** RECORDS PROVIDED follows **
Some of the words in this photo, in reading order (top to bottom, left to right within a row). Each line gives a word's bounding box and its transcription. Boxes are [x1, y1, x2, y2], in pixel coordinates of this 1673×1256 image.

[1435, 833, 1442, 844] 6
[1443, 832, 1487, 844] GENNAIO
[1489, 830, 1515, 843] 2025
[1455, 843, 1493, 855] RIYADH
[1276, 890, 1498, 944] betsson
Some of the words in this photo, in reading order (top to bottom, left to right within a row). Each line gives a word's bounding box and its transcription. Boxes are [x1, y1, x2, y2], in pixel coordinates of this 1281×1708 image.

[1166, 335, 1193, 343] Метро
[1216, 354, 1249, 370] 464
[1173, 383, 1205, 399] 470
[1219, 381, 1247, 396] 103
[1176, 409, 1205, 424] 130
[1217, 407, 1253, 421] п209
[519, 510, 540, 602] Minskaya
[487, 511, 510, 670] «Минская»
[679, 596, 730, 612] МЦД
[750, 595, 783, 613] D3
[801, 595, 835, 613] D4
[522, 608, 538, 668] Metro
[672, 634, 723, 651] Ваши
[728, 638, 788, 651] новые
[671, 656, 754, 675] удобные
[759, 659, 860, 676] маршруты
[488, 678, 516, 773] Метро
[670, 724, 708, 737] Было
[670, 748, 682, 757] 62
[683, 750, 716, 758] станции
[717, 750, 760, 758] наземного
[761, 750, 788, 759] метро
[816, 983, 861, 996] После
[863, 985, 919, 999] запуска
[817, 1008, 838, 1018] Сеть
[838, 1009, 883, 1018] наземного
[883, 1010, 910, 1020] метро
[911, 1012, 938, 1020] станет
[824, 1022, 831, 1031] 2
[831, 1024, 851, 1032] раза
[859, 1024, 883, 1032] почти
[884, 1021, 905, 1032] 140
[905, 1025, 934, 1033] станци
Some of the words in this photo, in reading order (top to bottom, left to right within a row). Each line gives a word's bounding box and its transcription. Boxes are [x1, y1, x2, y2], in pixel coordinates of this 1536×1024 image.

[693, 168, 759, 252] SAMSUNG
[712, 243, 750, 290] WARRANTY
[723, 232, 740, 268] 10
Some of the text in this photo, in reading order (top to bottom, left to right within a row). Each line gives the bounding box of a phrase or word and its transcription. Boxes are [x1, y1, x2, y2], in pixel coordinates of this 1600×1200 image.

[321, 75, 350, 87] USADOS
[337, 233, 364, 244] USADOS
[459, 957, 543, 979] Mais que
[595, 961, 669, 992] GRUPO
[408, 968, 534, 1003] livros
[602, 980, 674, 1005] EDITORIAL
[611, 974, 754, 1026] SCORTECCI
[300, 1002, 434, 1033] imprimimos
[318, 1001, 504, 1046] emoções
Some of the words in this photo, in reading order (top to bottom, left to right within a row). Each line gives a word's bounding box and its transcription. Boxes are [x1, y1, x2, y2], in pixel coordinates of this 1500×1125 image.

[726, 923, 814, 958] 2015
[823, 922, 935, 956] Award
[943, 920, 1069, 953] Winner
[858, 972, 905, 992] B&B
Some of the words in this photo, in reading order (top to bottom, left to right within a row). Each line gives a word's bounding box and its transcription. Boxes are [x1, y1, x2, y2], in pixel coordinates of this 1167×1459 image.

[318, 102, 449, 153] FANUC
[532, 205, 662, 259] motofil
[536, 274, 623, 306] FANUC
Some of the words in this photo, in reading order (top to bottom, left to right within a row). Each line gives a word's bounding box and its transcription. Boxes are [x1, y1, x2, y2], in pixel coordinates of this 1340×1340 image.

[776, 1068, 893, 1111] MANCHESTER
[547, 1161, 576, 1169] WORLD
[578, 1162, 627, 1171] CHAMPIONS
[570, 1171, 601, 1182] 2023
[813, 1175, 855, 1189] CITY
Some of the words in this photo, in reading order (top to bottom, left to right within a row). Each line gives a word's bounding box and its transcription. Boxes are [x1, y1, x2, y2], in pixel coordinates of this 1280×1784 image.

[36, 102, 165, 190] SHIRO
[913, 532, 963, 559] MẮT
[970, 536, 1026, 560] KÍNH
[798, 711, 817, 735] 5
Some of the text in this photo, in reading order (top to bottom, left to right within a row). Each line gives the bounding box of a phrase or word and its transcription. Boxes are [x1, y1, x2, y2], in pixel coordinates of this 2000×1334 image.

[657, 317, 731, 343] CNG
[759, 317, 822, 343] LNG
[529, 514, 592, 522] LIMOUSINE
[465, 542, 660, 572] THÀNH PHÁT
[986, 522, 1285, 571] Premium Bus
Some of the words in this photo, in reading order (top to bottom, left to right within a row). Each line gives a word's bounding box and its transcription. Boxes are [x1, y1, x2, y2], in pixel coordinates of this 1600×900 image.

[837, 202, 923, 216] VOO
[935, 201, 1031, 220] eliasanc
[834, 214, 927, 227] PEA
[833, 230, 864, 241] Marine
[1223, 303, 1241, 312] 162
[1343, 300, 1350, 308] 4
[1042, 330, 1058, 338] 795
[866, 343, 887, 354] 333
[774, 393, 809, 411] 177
** End of RECORDS PROVIDED **
* WORK REQUEST
With the line that contains "this 1280×1784 image." as the first and the final line of the data as the last, repeat every line in that span exactly.

* YOUR SOLUTION
Some of the words in this photo, in reading order (top to bottom, left to right within a row). Each line gives a word's bounding box and its transcription. Boxes are [x1, y1, x2, y2], in pixel coordinates of this 1280×1784 image.

[36, 102, 165, 190] SHIRO
[913, 532, 963, 559] MẮT
[970, 536, 1026, 560] KÍNH
[798, 711, 817, 735] 5
Some of the text in this photo, in reading order (top to bottom, left to right within a row). Each line gives the bounding box of a phrase or word and its transcription. Boxes are [x1, y1, x2, y2], in pixel coordinates of this 2000×1334 image.

[657, 317, 731, 343] CNG
[759, 317, 822, 343] LNG
[529, 514, 592, 522] LIMOUSINE
[465, 542, 660, 572] THÀNH PHÁT
[986, 522, 1285, 571] Premium Bus
Some of the words in this photo, in reading order (top to bottom, left to right within a row). Each line gives a word's bounding box and its transcription. Boxes are [x1, y1, x2, y2], in pixel coordinates of this 1600×900 image.

[837, 202, 923, 216] VOO
[935, 201, 1031, 220] eliasanc
[834, 214, 927, 227] PEA
[833, 230, 864, 241] Marine
[1223, 303, 1241, 312] 162
[1343, 300, 1350, 308] 4
[1042, 330, 1058, 338] 795
[866, 343, 887, 354] 333
[774, 393, 809, 411] 177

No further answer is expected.